In my many dealings with students and former students, I haven't received many e-mail updates like this: "Still in Delhi, supposed to arrive tomorrow although a bomb went off at the Kabul airport yesterday."
That came from the Afghanistan-bound Jeff Stern '07, whom I first met when he was a sophomore. Stern was taking my seminar on magazine journalism. It was clear from the start that having him in class would be a challenge, the sort of challenge that would change the thinking of student and instructor alike. Through sheer persistence, on one class-related matter after another—exceeding the specified length for writing assignments, selecting topics that seemed unmanageably ambitious—he would simply wear me down.
One of the stories that Stern produced for class, on a Durham baseball league for at-risk youth, evolved into a front-page article in Durham's Independent Weekly. For the same publication, he spent time living among the homeless. He made his subjects tangible characters—even as he exposed the public indifference that had pushed them to the margins of society. Stern won Duke's Melcher Family Award for the piece; the award recognizes the best published student journalism.
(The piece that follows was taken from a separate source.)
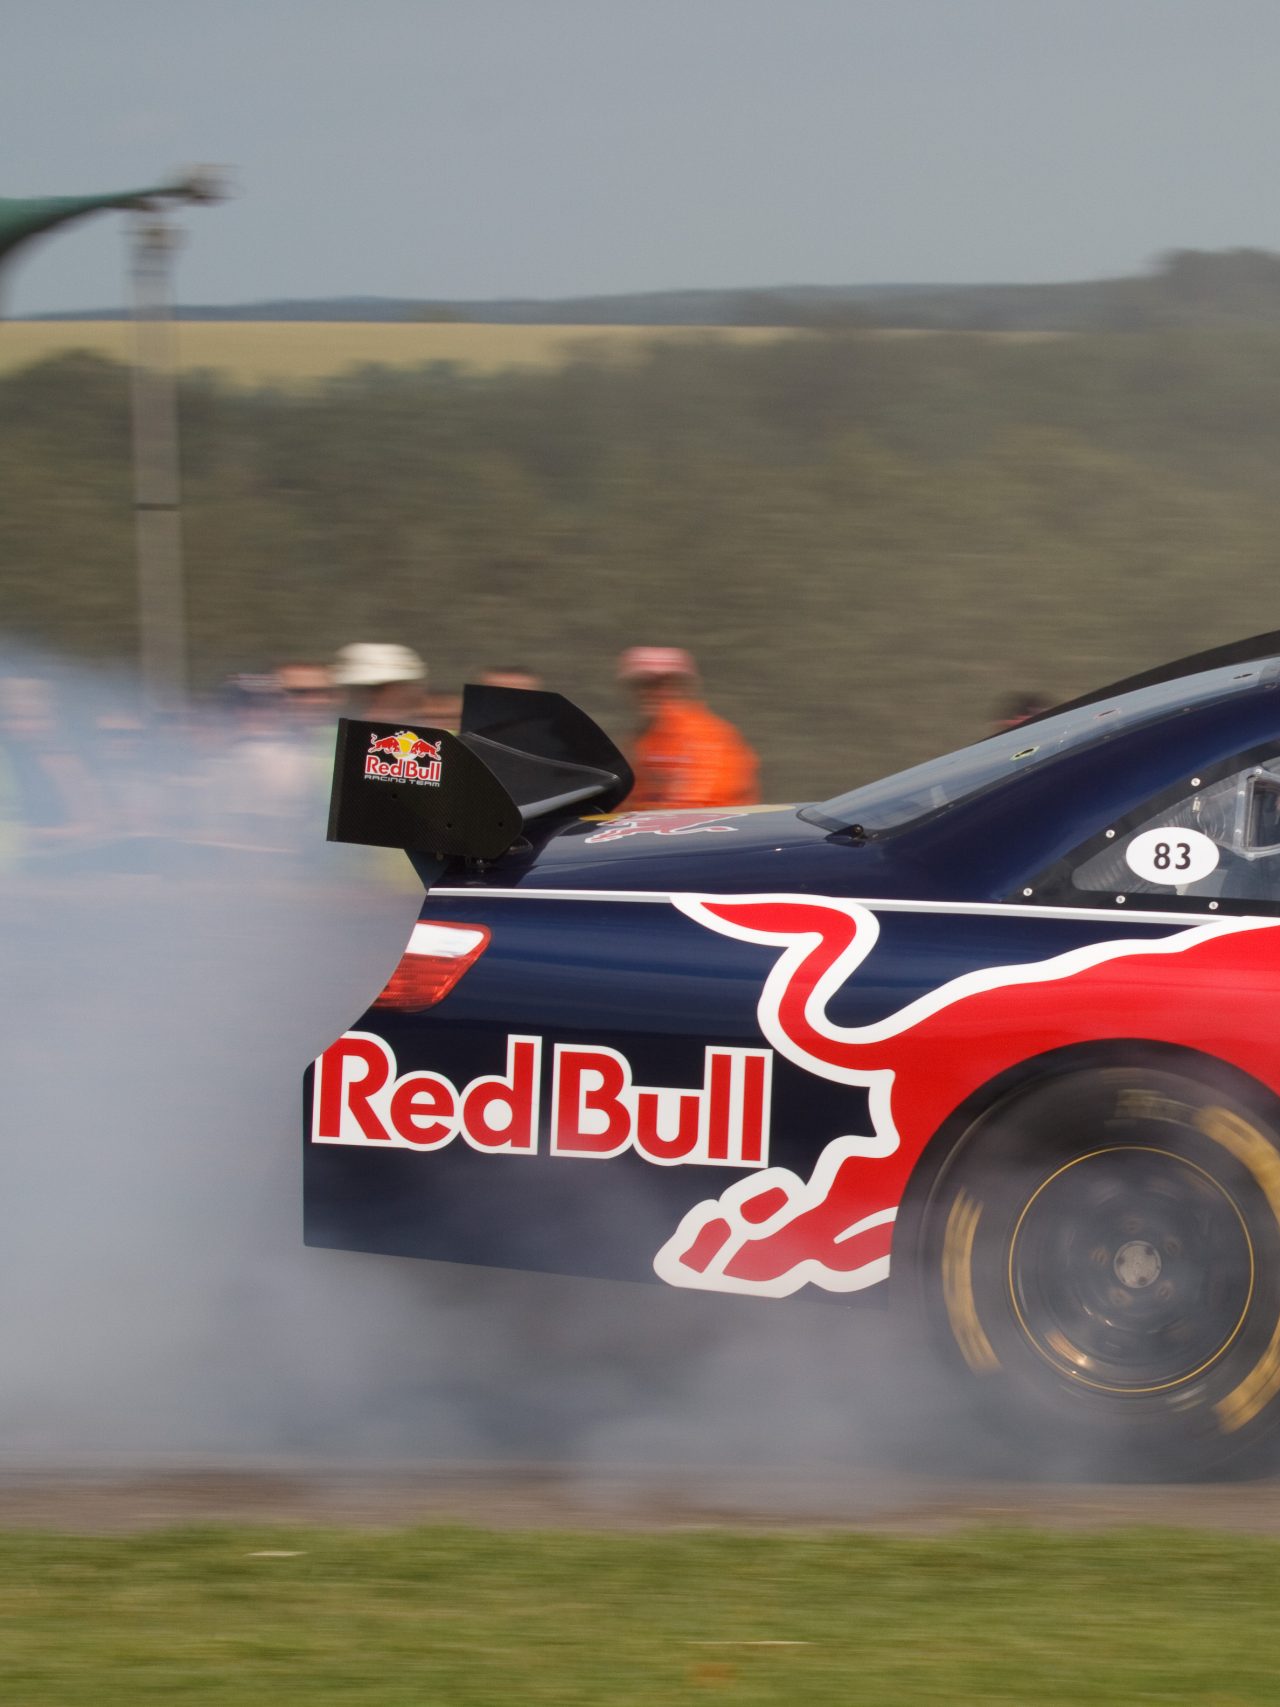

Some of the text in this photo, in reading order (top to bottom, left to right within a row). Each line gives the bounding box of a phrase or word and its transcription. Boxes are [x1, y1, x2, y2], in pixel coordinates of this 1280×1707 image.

Writing in this issue, Stern shares his impressions as someone steeped in Afghanistan. As he was preparing to make the trip, he was asked, endlessly, "Why go there?" He would always respond that Afghanistan was, simply, the most story-rich place he could imagine.
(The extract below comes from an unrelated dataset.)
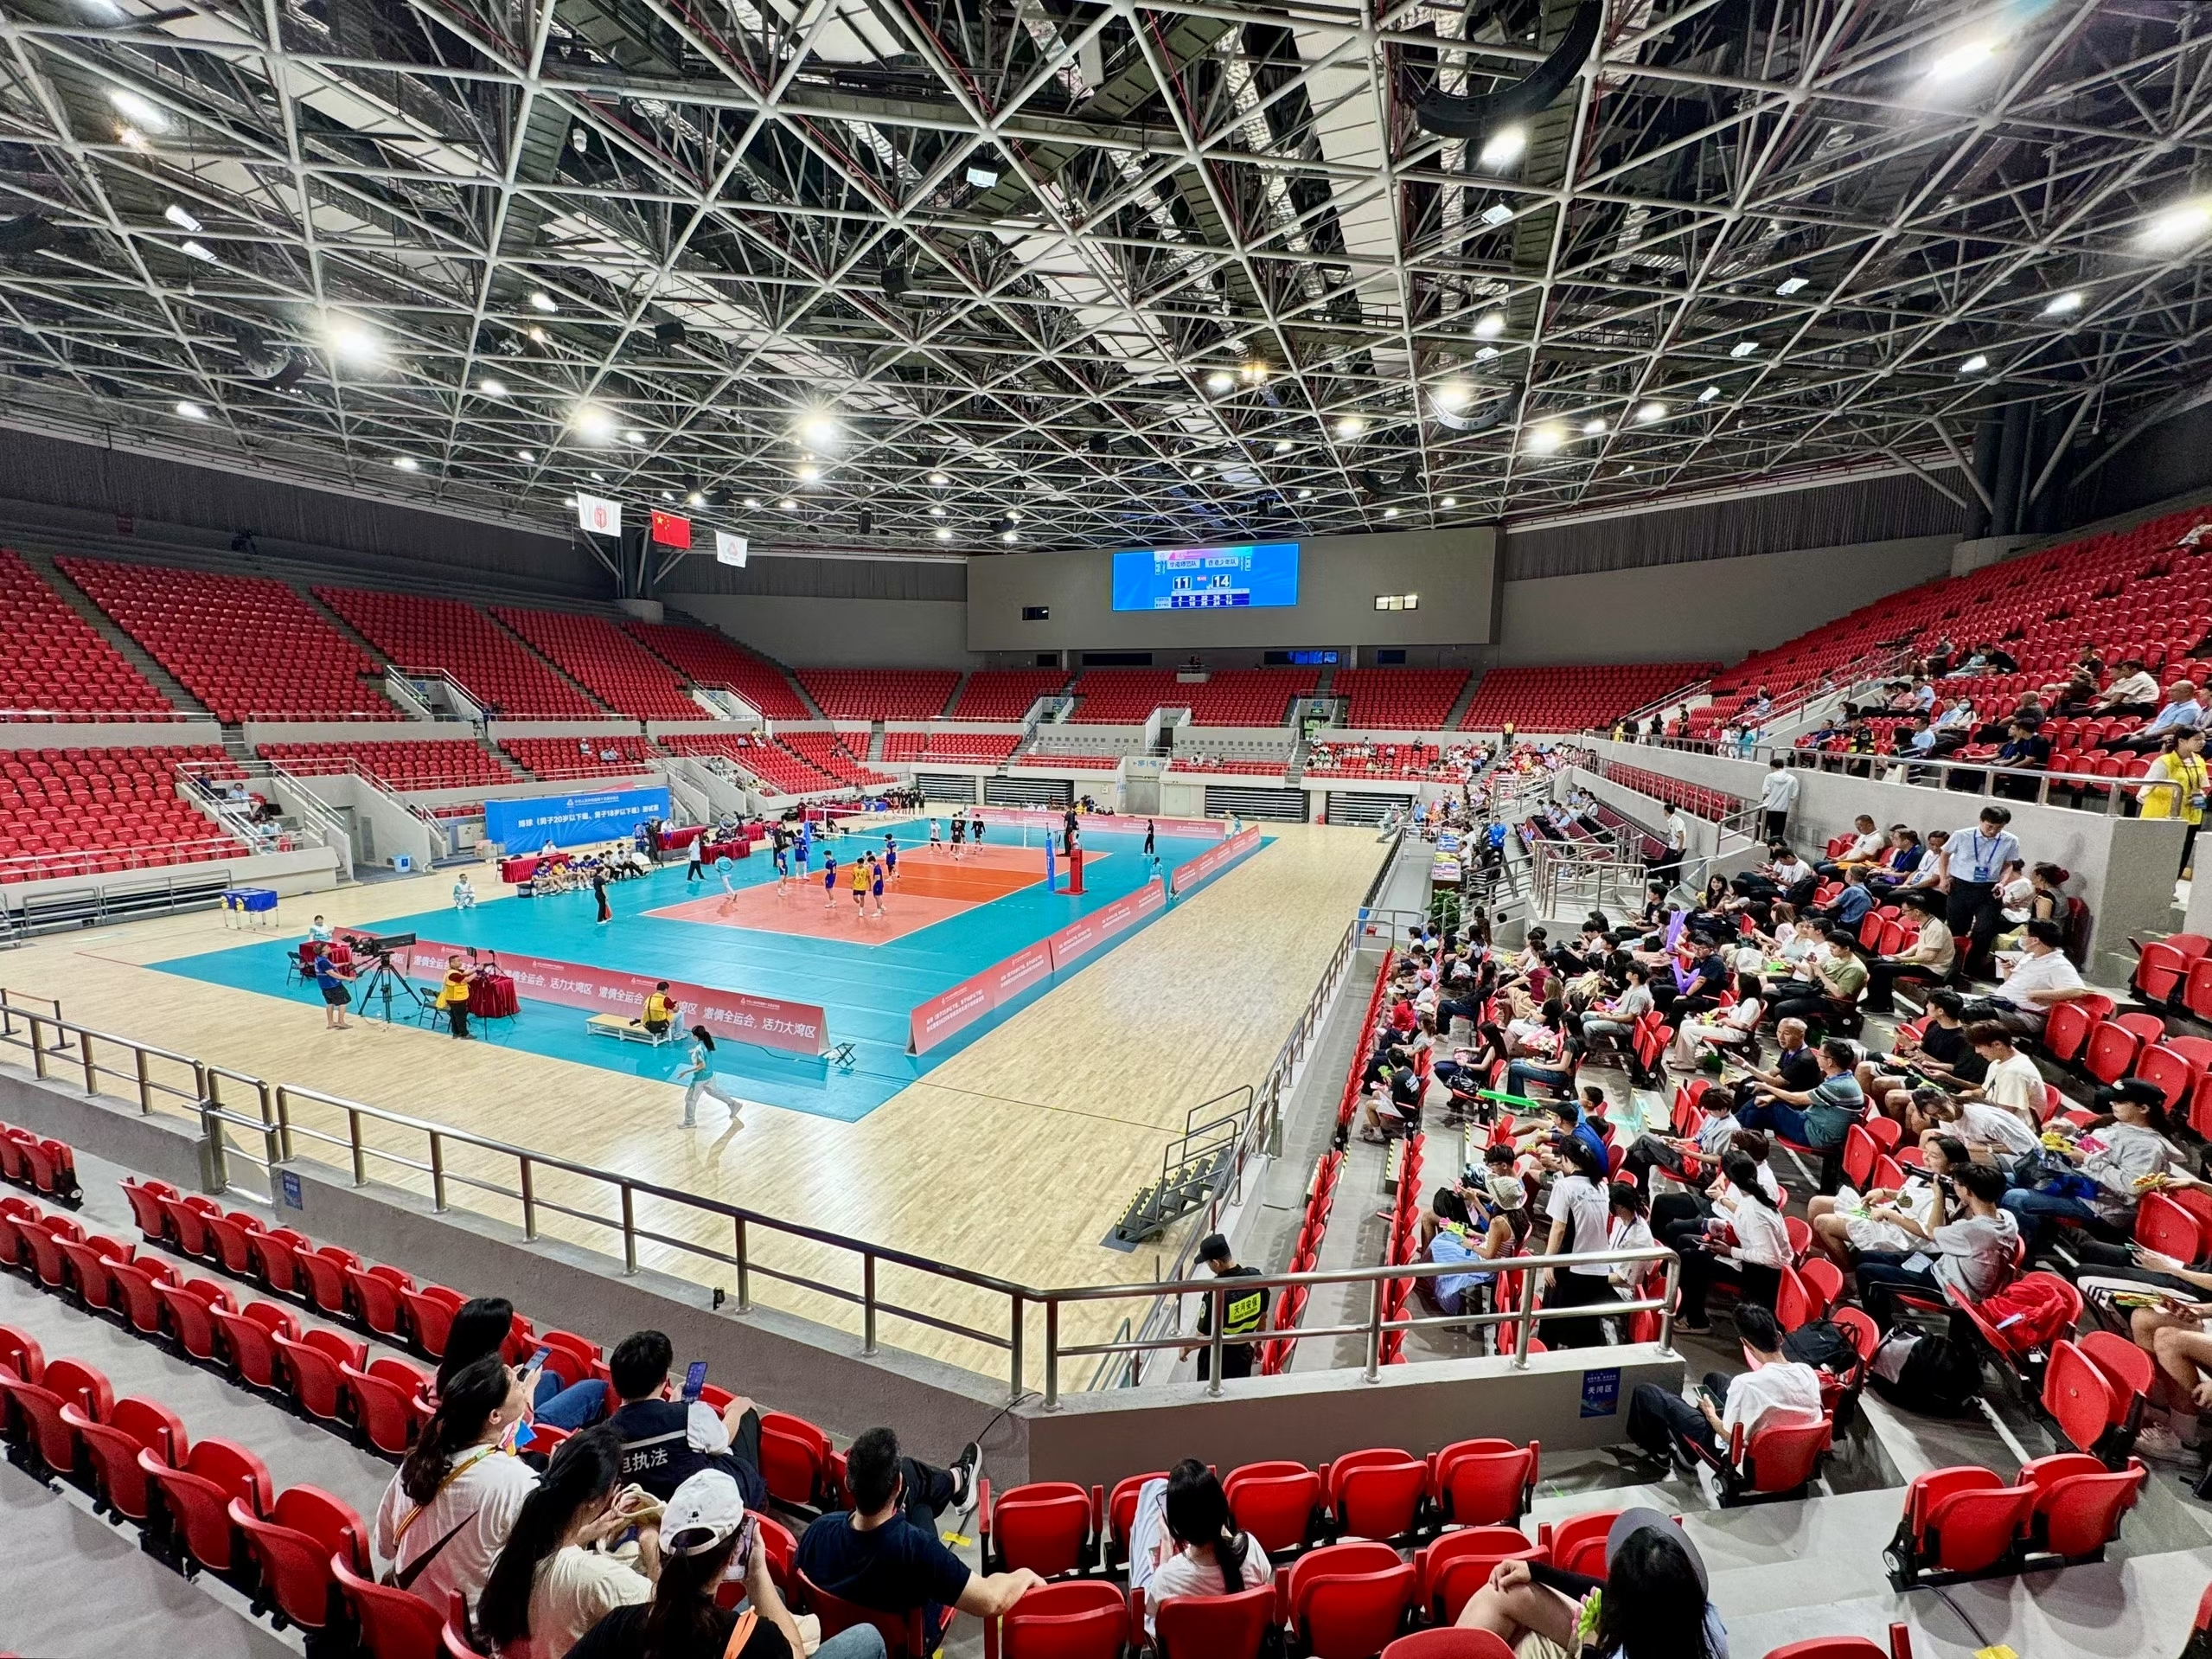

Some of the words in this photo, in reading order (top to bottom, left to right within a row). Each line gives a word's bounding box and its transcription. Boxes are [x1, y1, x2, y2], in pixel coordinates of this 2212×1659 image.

At some point, Stern will have to struggle with mundane matters like landing a secure job. One of his e-mail notes pondered whether wearing "nice jeans, button-down shirt, tie, and blazer" would impress an interviewer—not an unusual concern. Stern's trajectory is hardly typical, of course, except for an intellectual adventurer keen on learning about how lives are lived under the rudest, rawest, and most interesting circumstances.